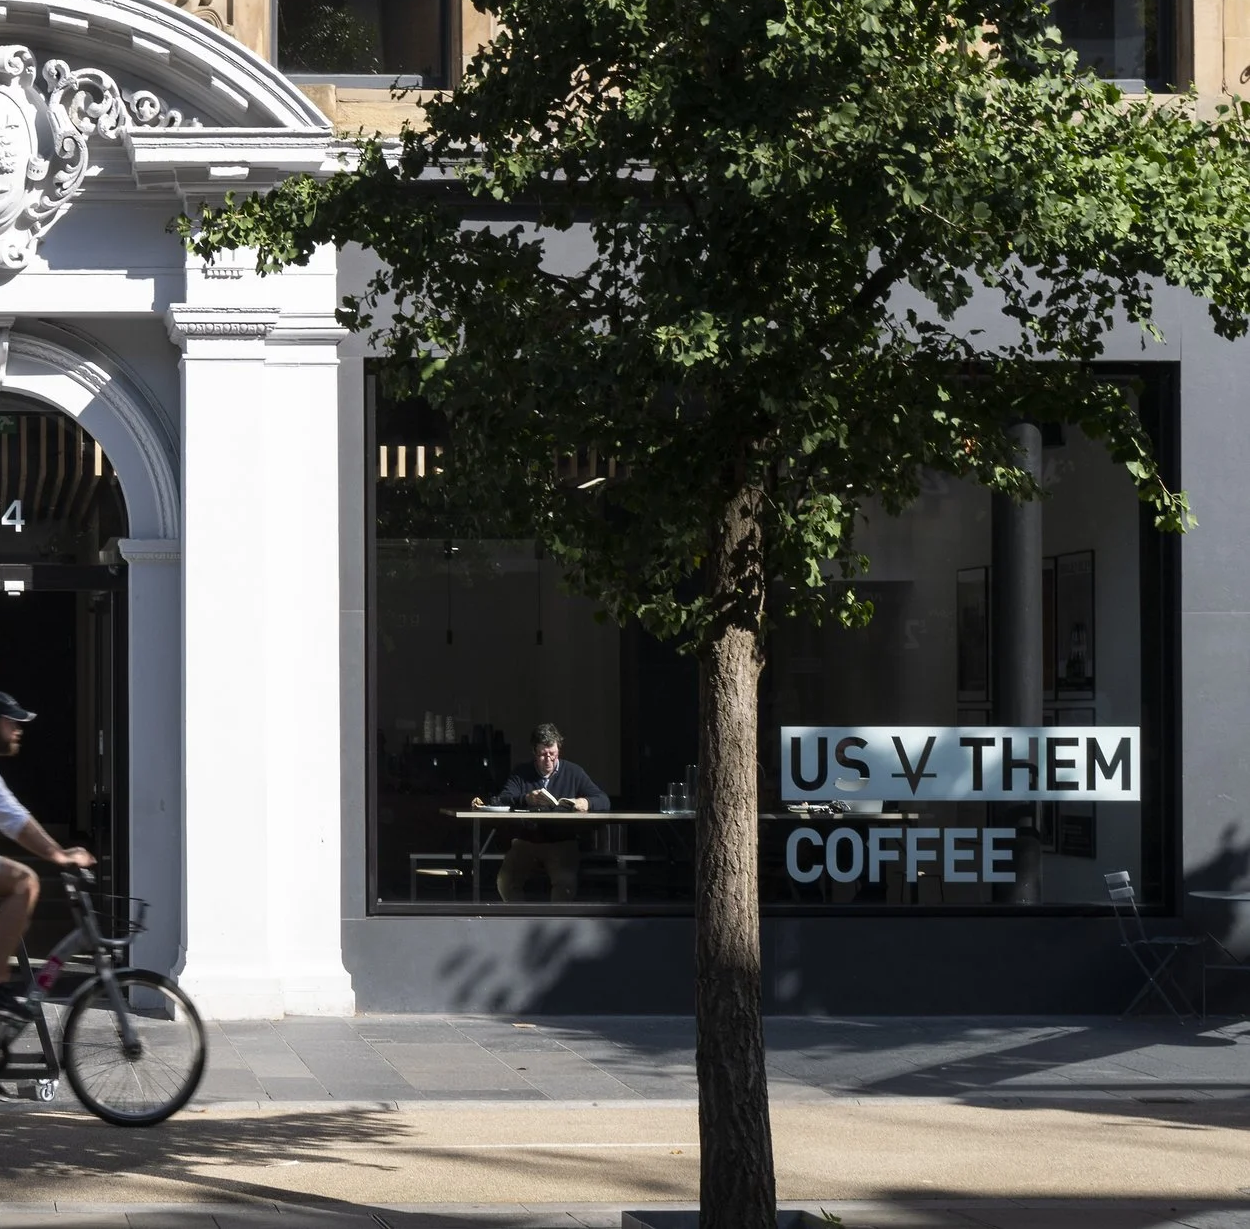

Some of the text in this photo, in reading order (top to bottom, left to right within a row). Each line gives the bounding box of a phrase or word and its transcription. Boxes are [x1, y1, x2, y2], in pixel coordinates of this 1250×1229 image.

[790, 736, 870, 792] US
[959, 737, 1131, 791] THEM
[786, 827, 1016, 883] COFFEE
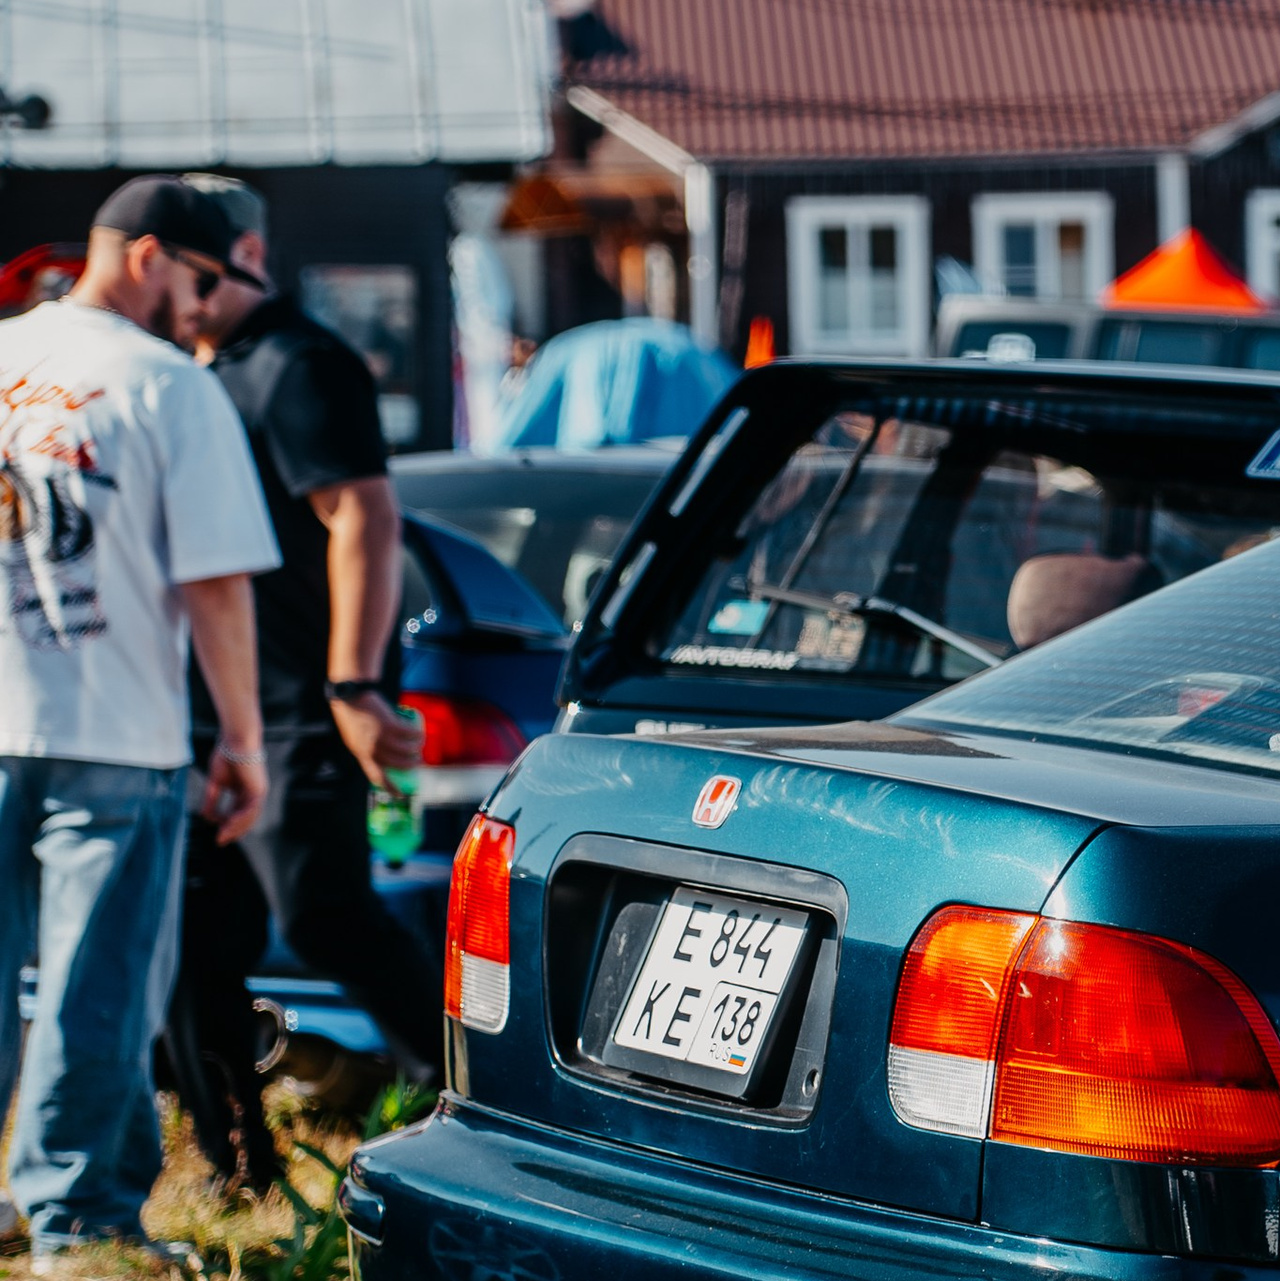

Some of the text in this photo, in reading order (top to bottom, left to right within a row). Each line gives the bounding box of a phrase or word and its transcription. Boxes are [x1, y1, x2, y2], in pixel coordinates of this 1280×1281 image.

[710, 909, 781, 978] 844
[711, 993, 761, 1045] 138
[708, 1043, 731, 1062] RUS
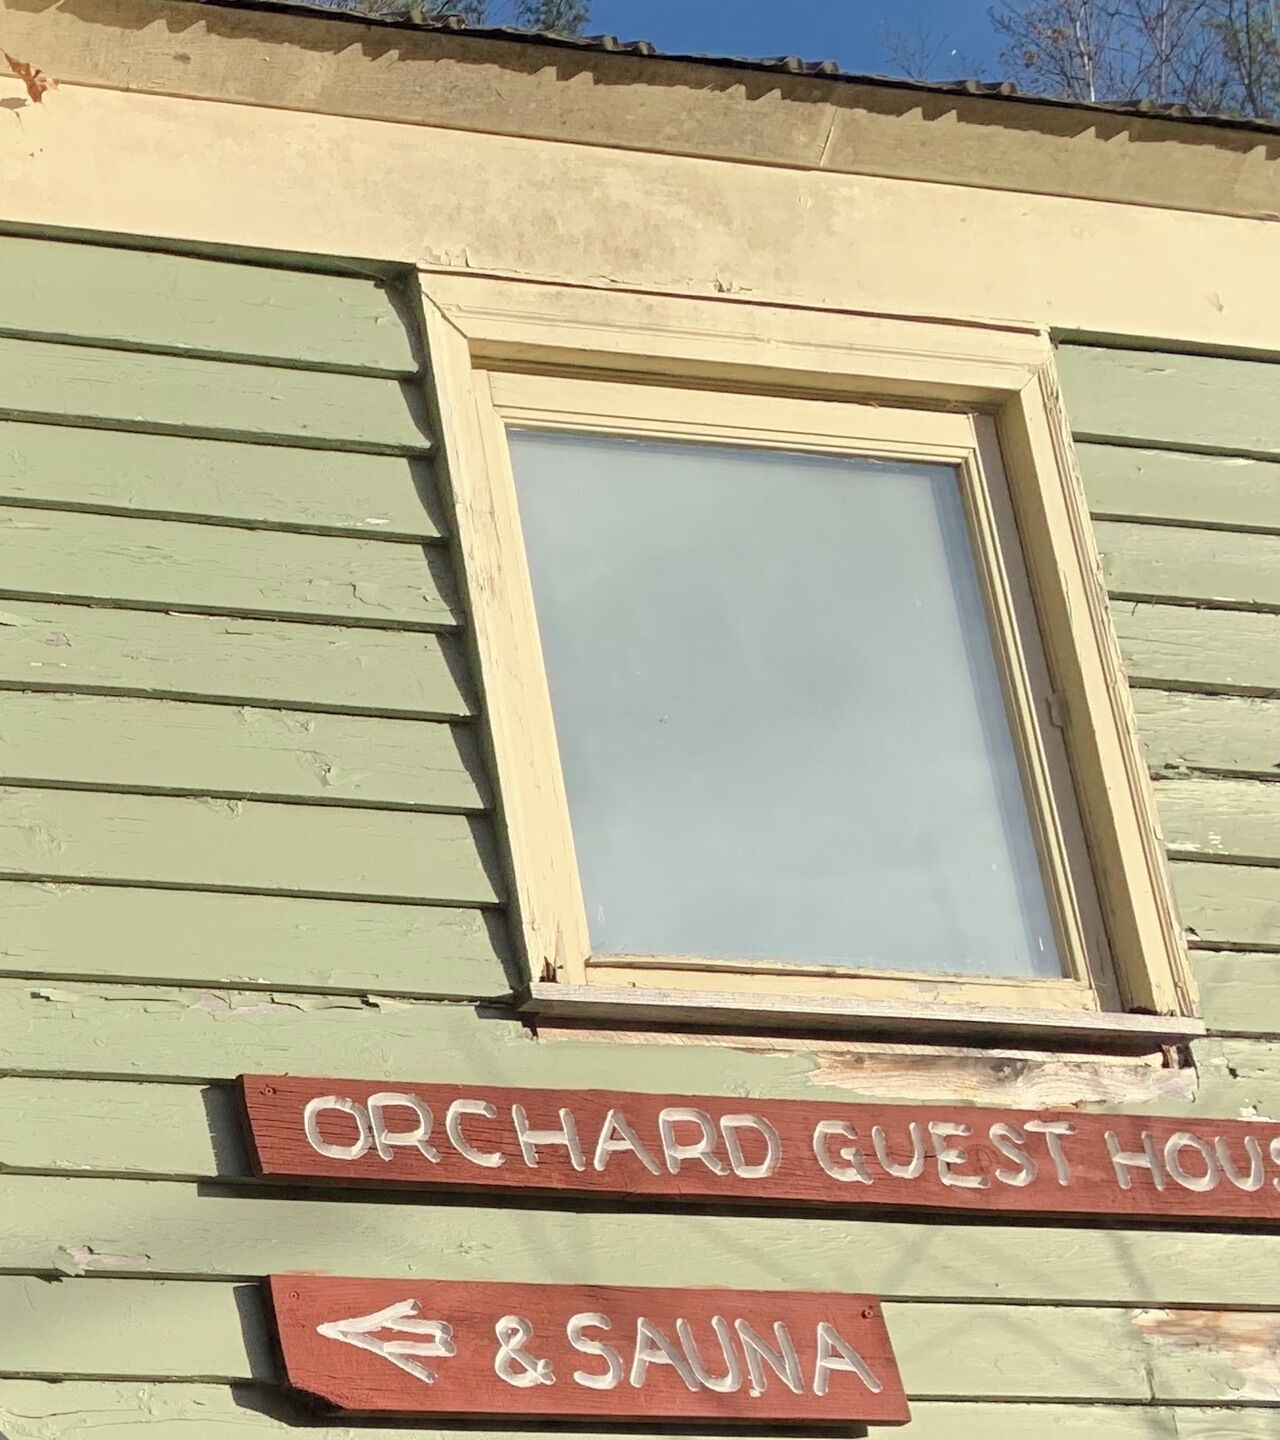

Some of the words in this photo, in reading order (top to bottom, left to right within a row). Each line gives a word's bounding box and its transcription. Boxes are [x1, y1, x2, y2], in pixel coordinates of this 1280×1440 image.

[304, 1092, 780, 1179] ORCHARD
[812, 1121, 1074, 1188] GUEST
[494, 1315, 553, 1387] &
[573, 1312, 882, 1397] SAUNA
____
Exercise objective: Starting at the line that contains "Some of the words", quote each remaining line of the entries above, unchanged.

Written solution:
Some of the words in this photo, in reading order (top to bottom, left to right within a row). Each line gives a word's bounding box and its transcription. Boxes are [x1, y1, x2, y2], in pixel coordinates of this 1280×1440 image.

[304, 1092, 780, 1179] ORCHARD
[812, 1121, 1074, 1188] GUEST
[494, 1315, 553, 1387] &
[573, 1312, 882, 1397] SAUNA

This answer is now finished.